Exercise aim: Skipping any pictures, give all of the records below again exactly.

────────────────────

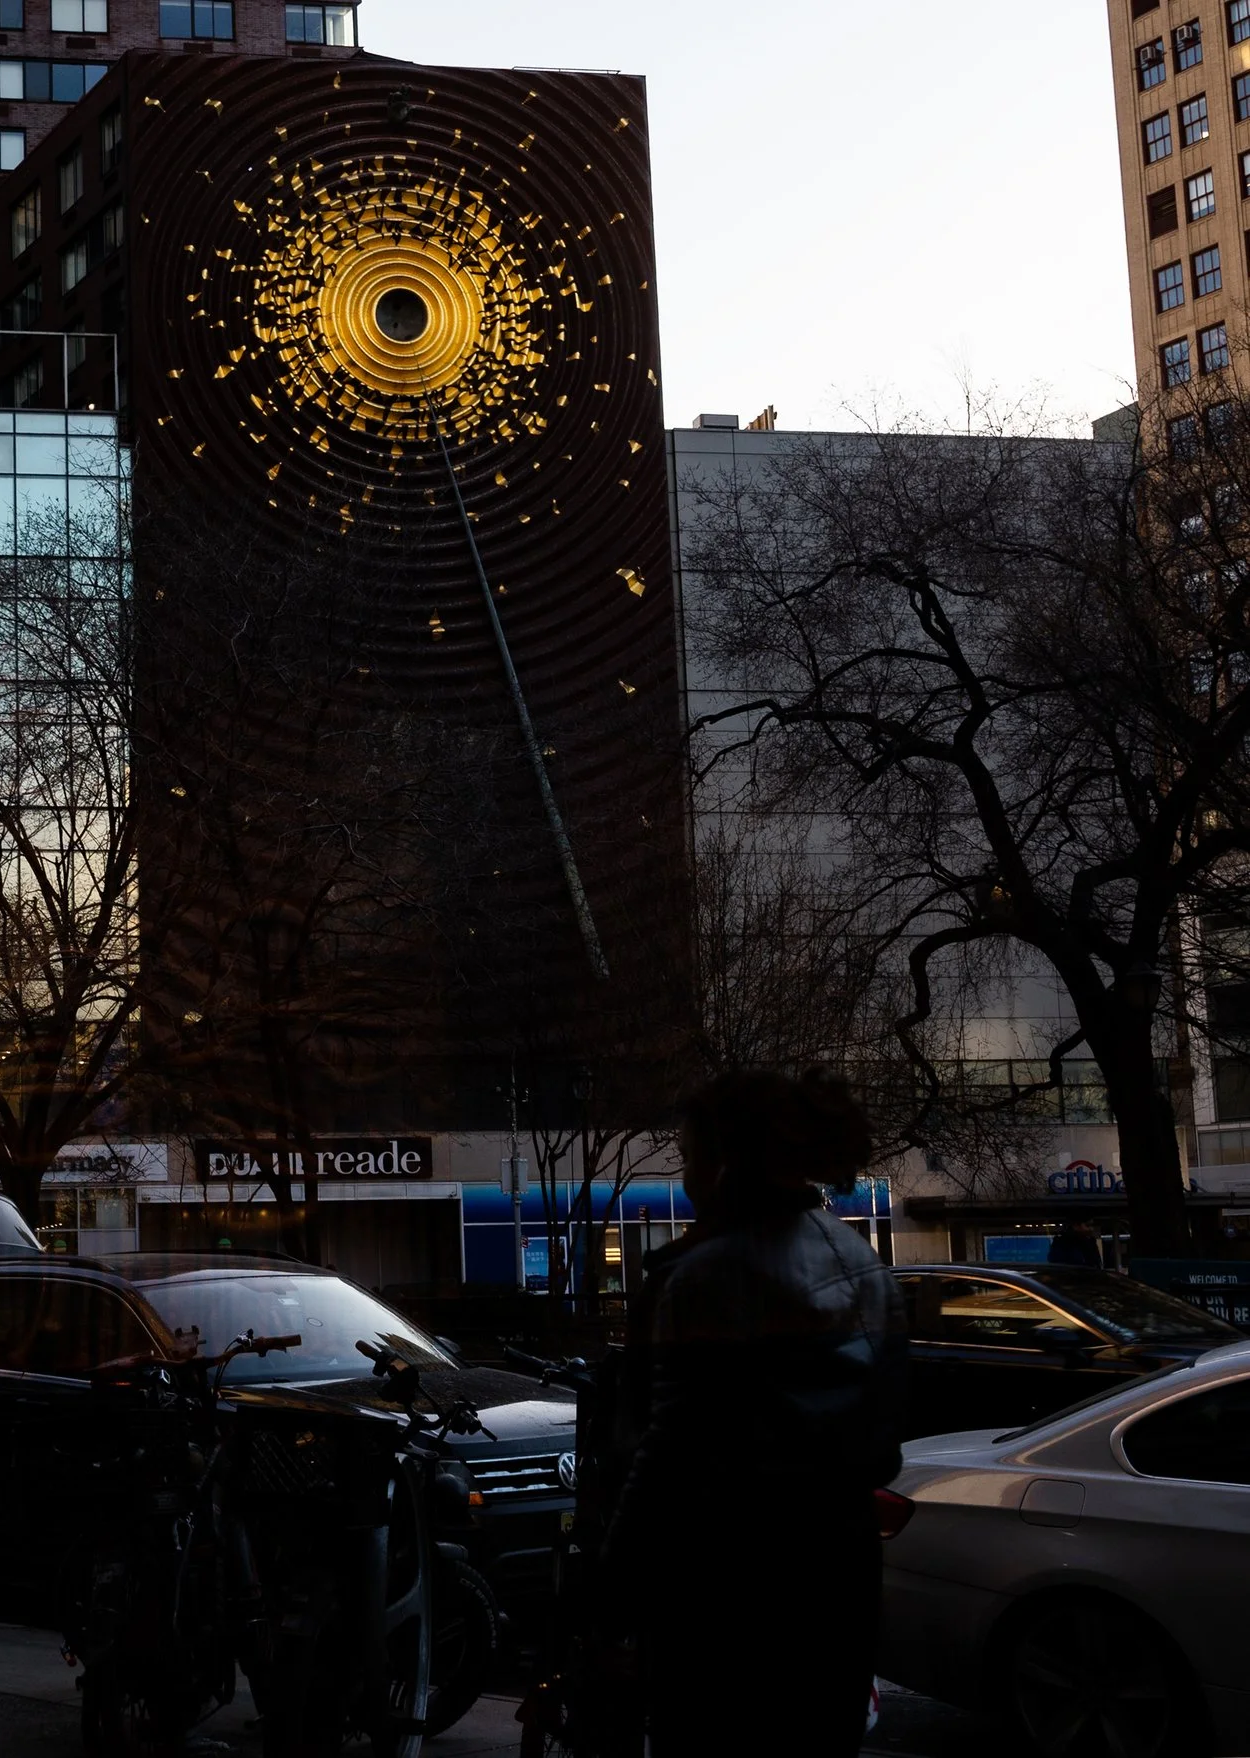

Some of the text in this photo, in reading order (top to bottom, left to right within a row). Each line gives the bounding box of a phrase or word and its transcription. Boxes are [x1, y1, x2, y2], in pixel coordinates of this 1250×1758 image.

[48, 1156, 135, 1181] armacy
[315, 1139, 421, 1175] reade
[1048, 1164, 1127, 1194] citiba
[1188, 1274, 1238, 1284] WELCOME TO

────────────────────

Answer to the problem:
Some of the text in this photo, in reading order (top to bottom, left to right within a row). Each line gives the bounding box of a phrase or word and its transcription. Boxes are [x1, y1, x2, y2], in pixel coordinates of this 1250×1758 image.

[48, 1156, 135, 1181] armacy
[315, 1139, 421, 1175] reade
[1048, 1164, 1127, 1194] citiba
[1188, 1274, 1238, 1284] WELCOME TO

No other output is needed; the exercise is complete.